▼

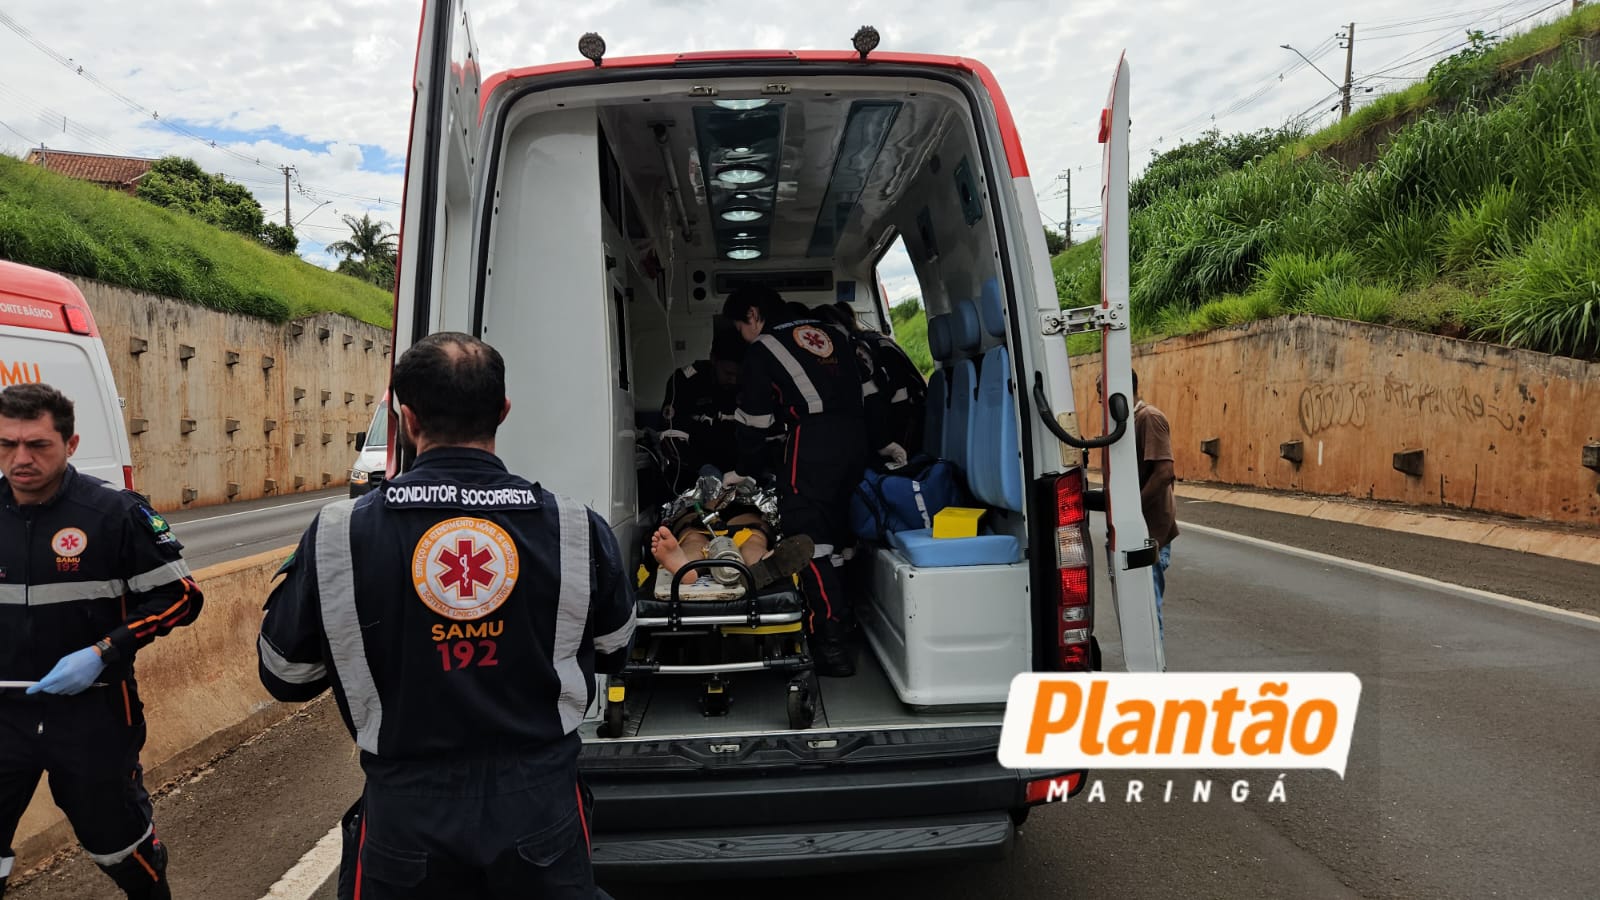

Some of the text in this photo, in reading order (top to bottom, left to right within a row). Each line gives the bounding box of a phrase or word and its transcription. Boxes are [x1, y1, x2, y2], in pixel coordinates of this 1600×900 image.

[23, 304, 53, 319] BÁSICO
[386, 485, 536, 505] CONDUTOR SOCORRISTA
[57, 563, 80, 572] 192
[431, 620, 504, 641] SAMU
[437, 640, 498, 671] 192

▲

Problem to solve:
From the first line to the last, reproduce the records above exactly and skip the pictures.

Final answer:
Some of the text in this photo, in reading order (top to bottom, left to right within a row). Each line gives the bounding box of a phrase or word and its transcription. Boxes are [x1, y1, x2, y2], in pixel coordinates of this 1600×900 image.

[23, 304, 53, 319] BÁSICO
[386, 485, 536, 505] CONDUTOR SOCORRISTA
[57, 563, 80, 572] 192
[431, 620, 504, 641] SAMU
[437, 640, 498, 671] 192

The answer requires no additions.